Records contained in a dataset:
-----
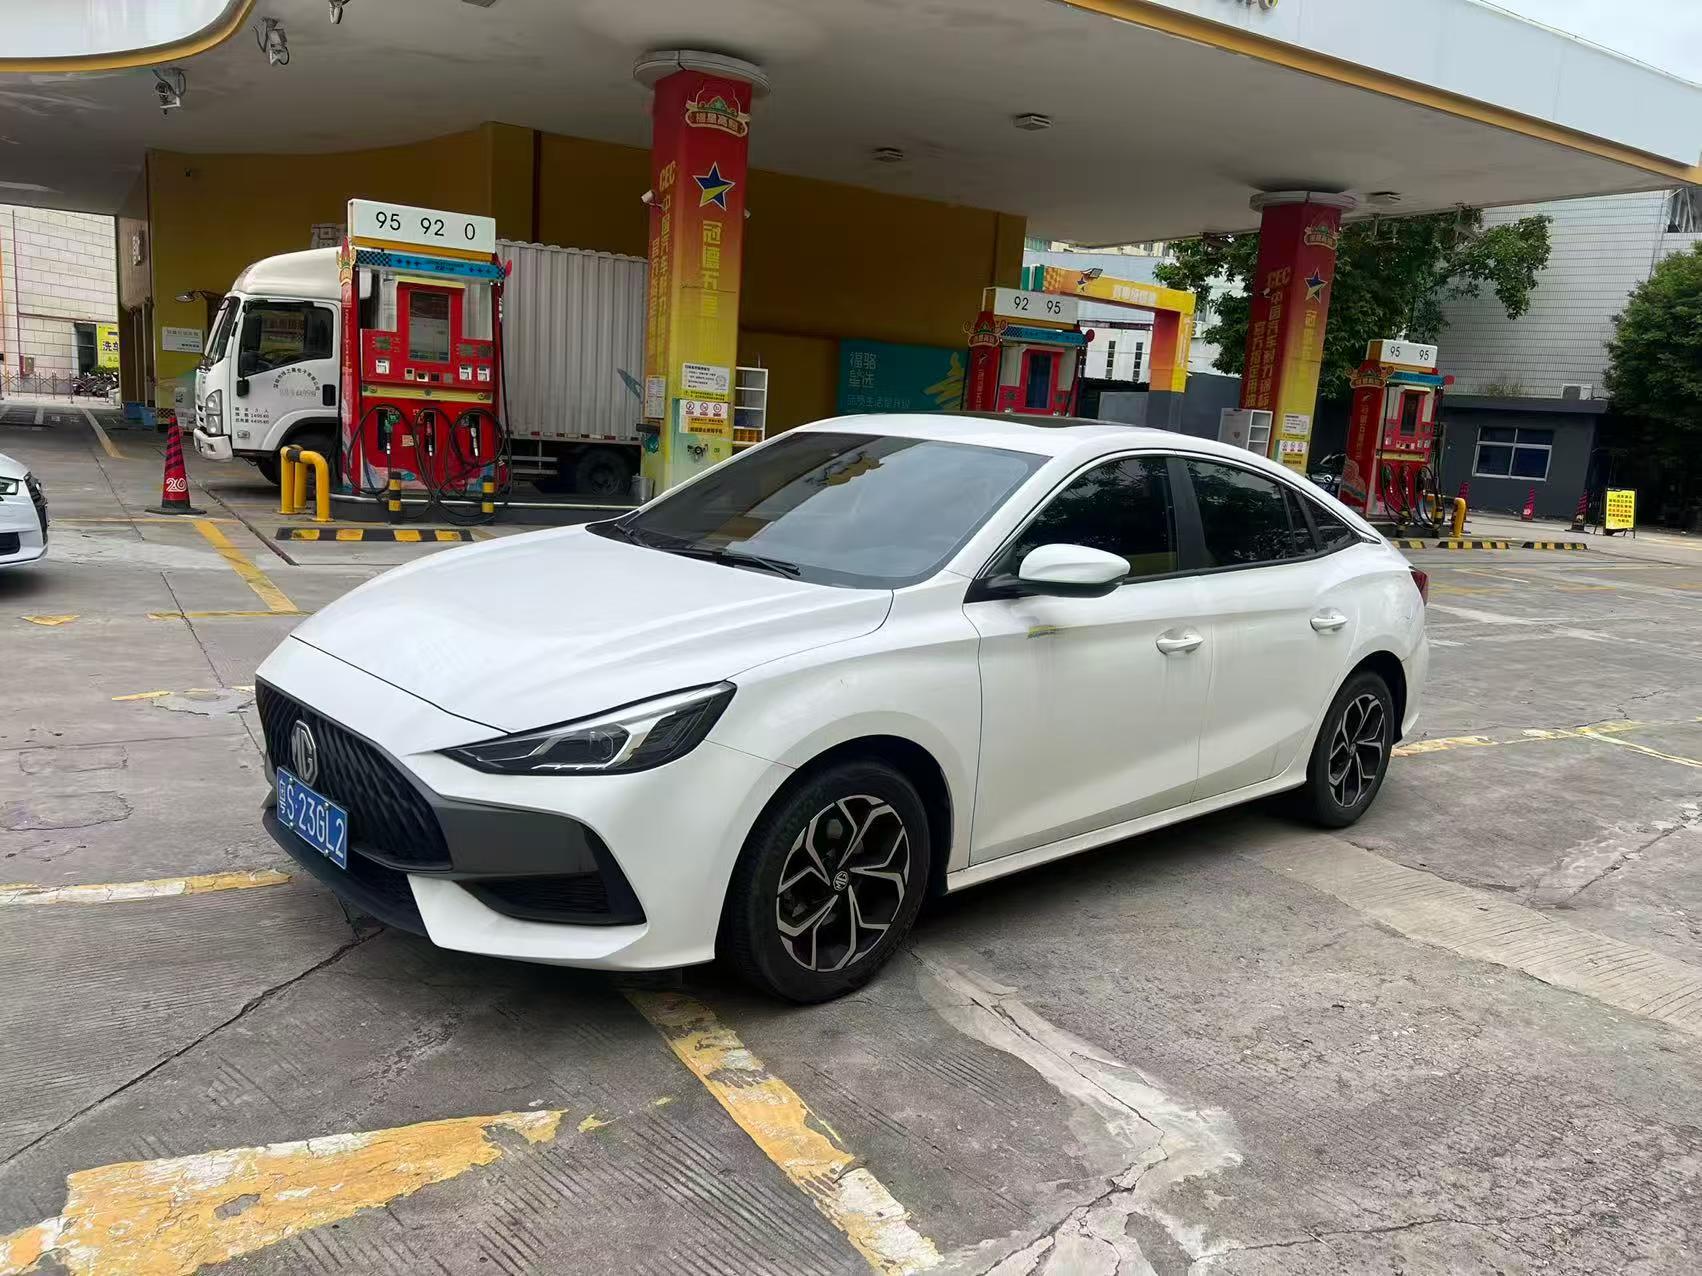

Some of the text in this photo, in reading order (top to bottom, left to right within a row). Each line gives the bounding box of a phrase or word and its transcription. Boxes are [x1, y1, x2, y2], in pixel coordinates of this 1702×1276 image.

[375, 211, 476, 240] 95 92 0
[1014, 296, 1061, 315] 92 95
[1390, 346, 1430, 361] 95 95
[291, 723, 315, 783] MG
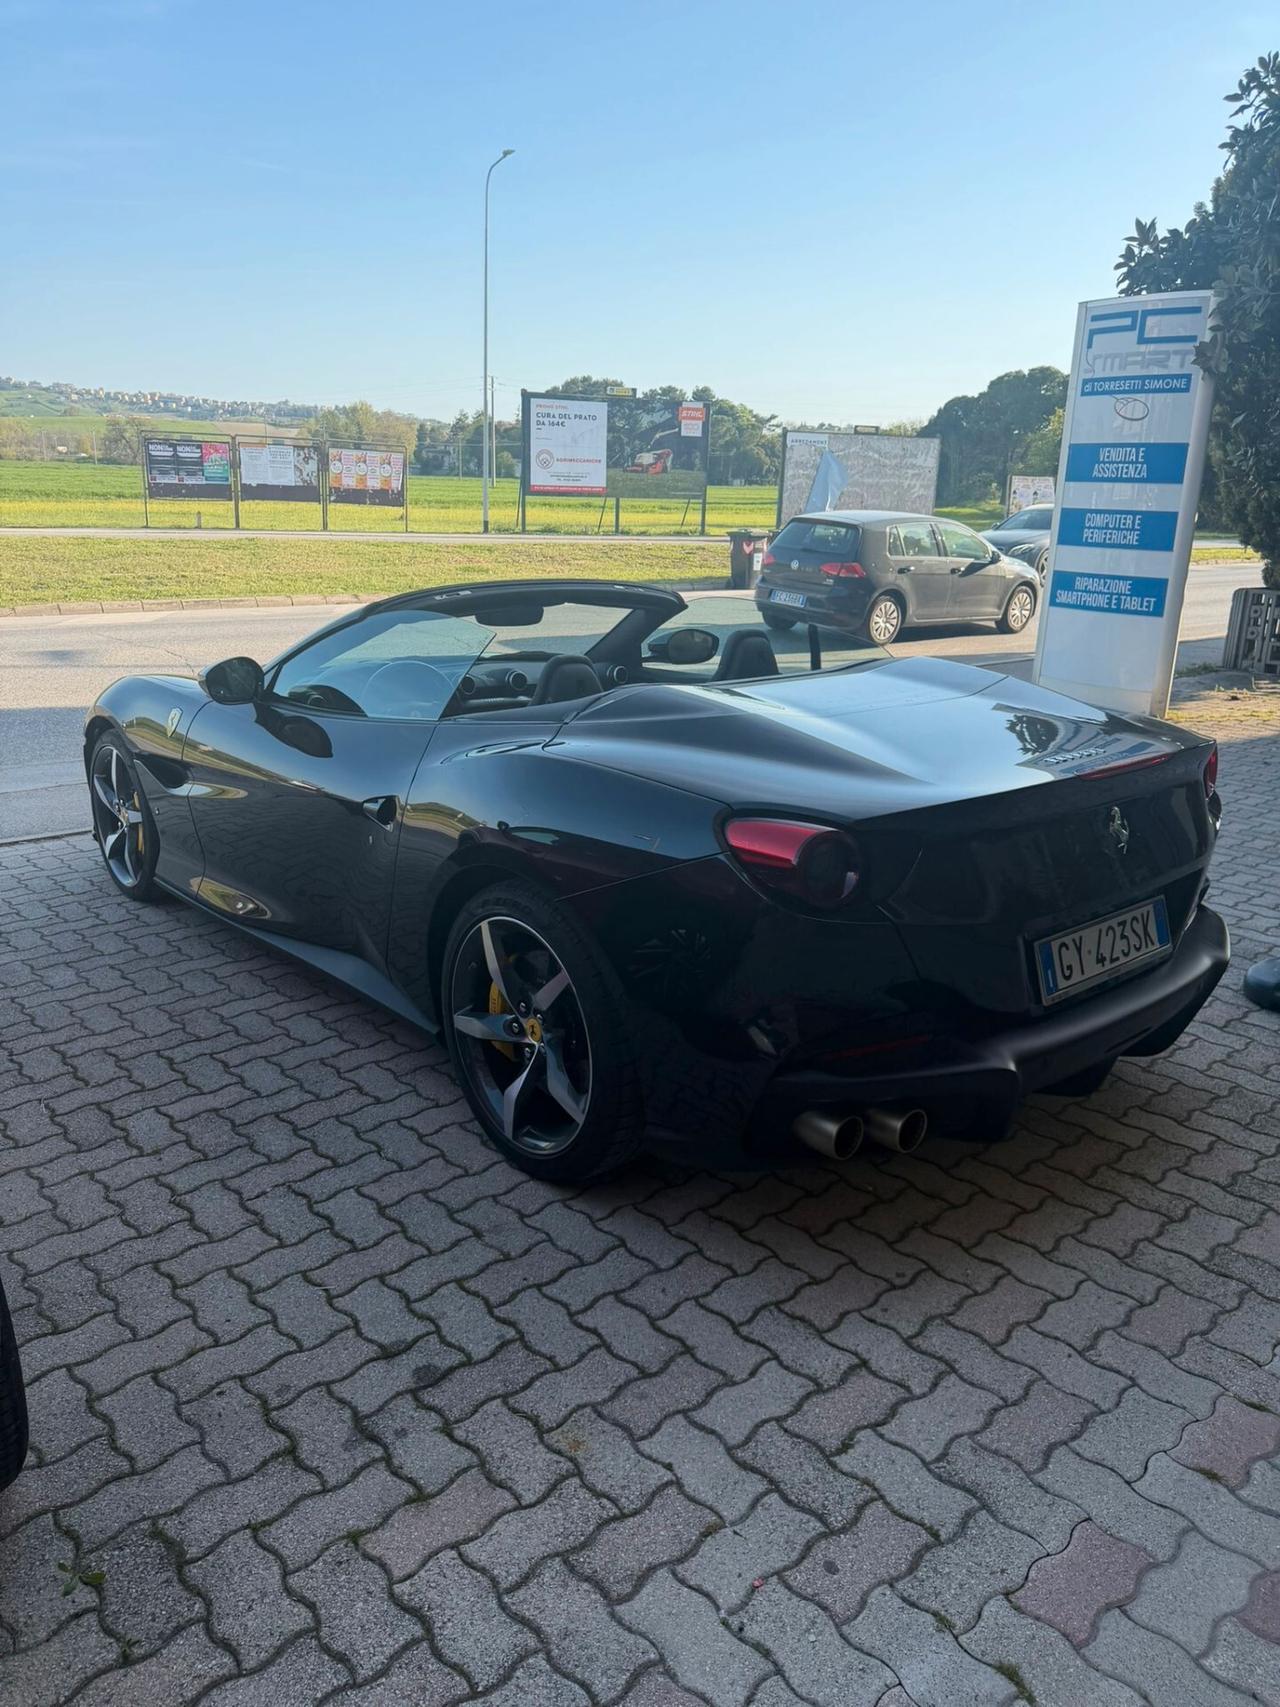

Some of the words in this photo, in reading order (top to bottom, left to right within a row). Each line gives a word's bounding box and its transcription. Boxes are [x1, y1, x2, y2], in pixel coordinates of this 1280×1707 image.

[1087, 306, 1202, 349] PC
[1084, 382, 1092, 392] di
[1094, 379, 1142, 392] TORRESETTI
[1144, 378, 1188, 390] SIMONE
[536, 411, 556, 420] CURA
[573, 413, 597, 421] PRATO
[681, 410, 703, 418] STIHL
[536, 419, 546, 427] DA
[548, 420, 566, 428] 164€
[1099, 447, 1137, 462] VENDITA
[1138, 447, 1146, 462] E
[1092, 463, 1148, 479] ASSISTENZA
[1085, 513, 1133, 529] COMPUTER
[1135, 515, 1142, 530] E
[1082, 528, 1141, 545] PERIFERICHE
[1074, 576, 1133, 595] RIPARAZIONE
[1055, 590, 1110, 609] SMARTPHONE
[1111, 595, 1118, 609] E
[1119, 595, 1157, 612] TABLET
[1058, 935, 1085, 981] GY
[1096, 910, 1154, 967] 423SK
-----
In your copy of the entries above, leave out the pictures and keep every word exact.

■ EXERCISE ANSWER ■
Some of the text in this photo, in reading order (top to bottom, left to right within a row). Each line gives the bounding box of a phrase or word and its transcription. Boxes are [x1, y1, x2, y2], in pixel coordinates of this 1702×1276 image.

[375, 211, 476, 240] 95 92 0
[1014, 296, 1061, 315] 92 95
[1390, 346, 1430, 361] 95 95
[291, 723, 315, 783] MG

Some of the words in this photo, in reading order (top to bottom, left to right within a row). Each line gives a word's bounding box and its transcription. Boxes are [x1, y1, x2, y2], in pixel coordinates of this 1280×1707 image.

[1087, 306, 1202, 349] PC
[1084, 382, 1092, 392] di
[1094, 379, 1142, 392] TORRESETTI
[1144, 378, 1188, 390] SIMONE
[536, 411, 556, 420] CURA
[573, 413, 597, 421] PRATO
[681, 410, 703, 418] STIHL
[536, 419, 546, 427] DA
[548, 420, 566, 428] 164€
[1099, 447, 1137, 462] VENDITA
[1138, 447, 1146, 462] E
[1092, 463, 1148, 479] ASSISTENZA
[1085, 513, 1133, 529] COMPUTER
[1135, 515, 1142, 530] E
[1082, 528, 1141, 545] PERIFERICHE
[1074, 576, 1133, 595] RIPARAZIONE
[1055, 590, 1110, 609] SMARTPHONE
[1111, 595, 1118, 609] E
[1119, 595, 1157, 612] TABLET
[1058, 935, 1085, 981] GY
[1096, 910, 1154, 967] 423SK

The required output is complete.